* Assignment *
Print the entries that appear below, exactly as written and without their pictures.

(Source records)
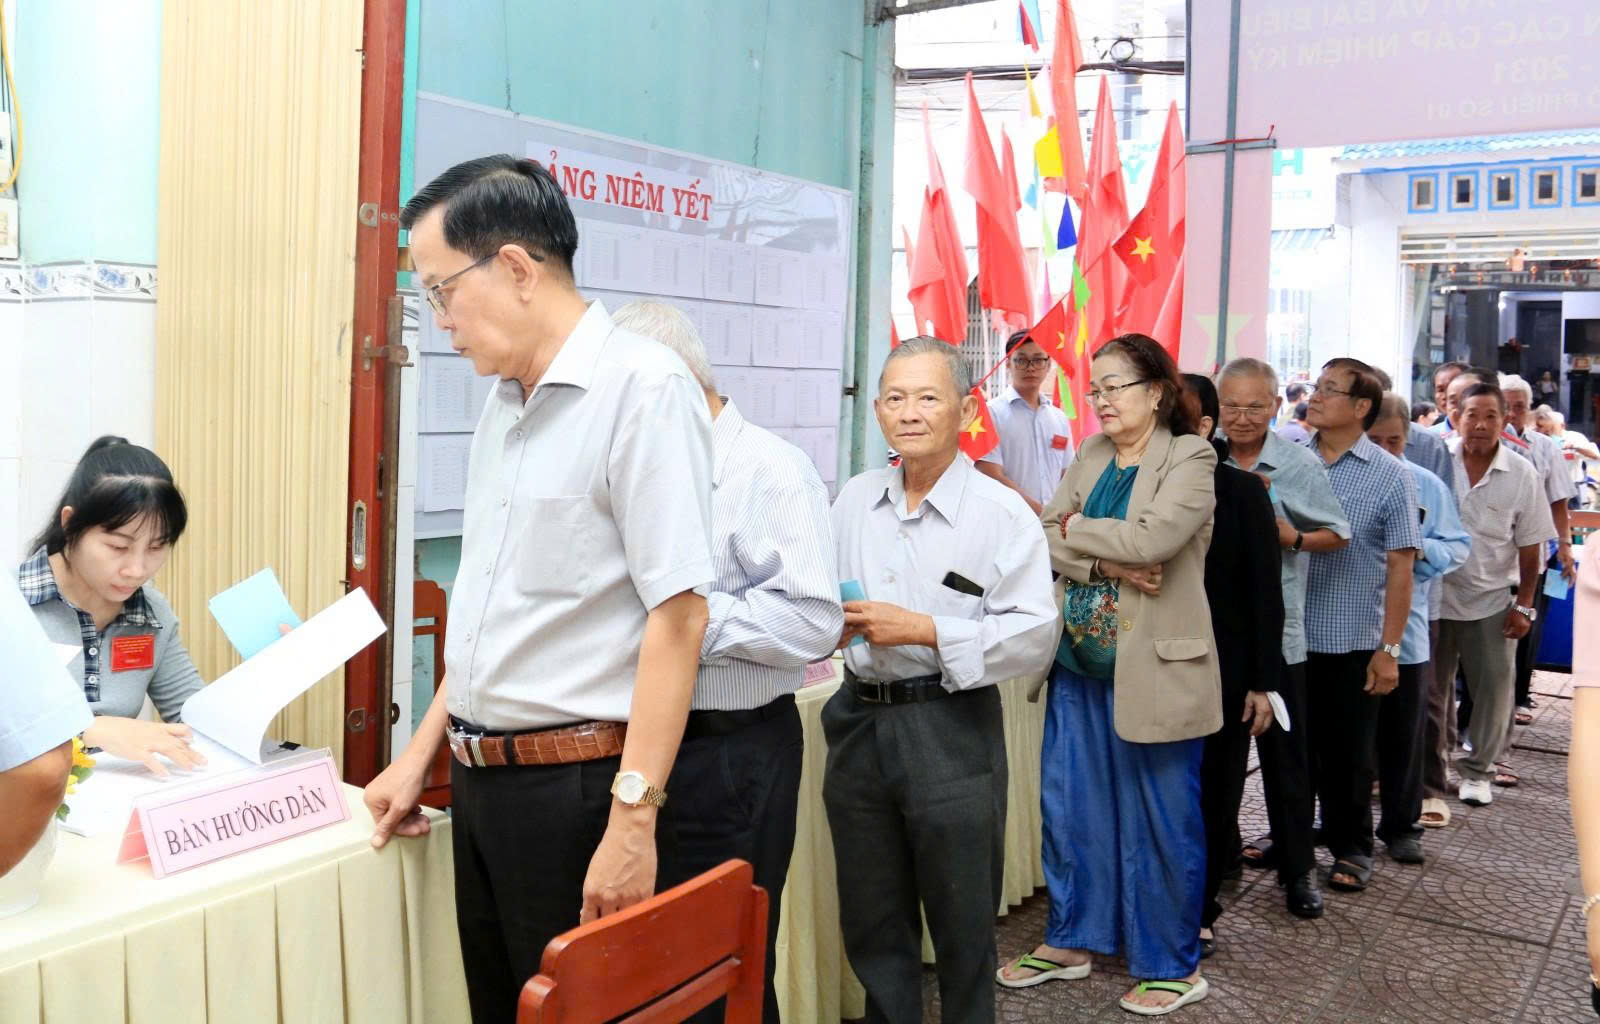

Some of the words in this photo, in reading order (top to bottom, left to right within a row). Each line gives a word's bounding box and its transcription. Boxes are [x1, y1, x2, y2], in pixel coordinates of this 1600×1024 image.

[528, 150, 597, 201] ẢNG
[605, 171, 665, 213] NIÊM
[671, 178, 713, 222] YẾT
[164, 818, 211, 856] BÀN
[211, 800, 285, 841] HƯỚNG

* Exercise answer *
Some of the words in this photo, in reading order (top to bottom, left to right within a row). Each line gives a word's bounding box and its transcription. Boxes are [x1, y1, x2, y2], in pixel coordinates of this 1600×1024 image.

[528, 150, 597, 201] ẢNG
[605, 171, 665, 213] NIÊM
[671, 178, 713, 222] YẾT
[164, 818, 211, 856] BÀN
[211, 800, 285, 841] HƯỚNG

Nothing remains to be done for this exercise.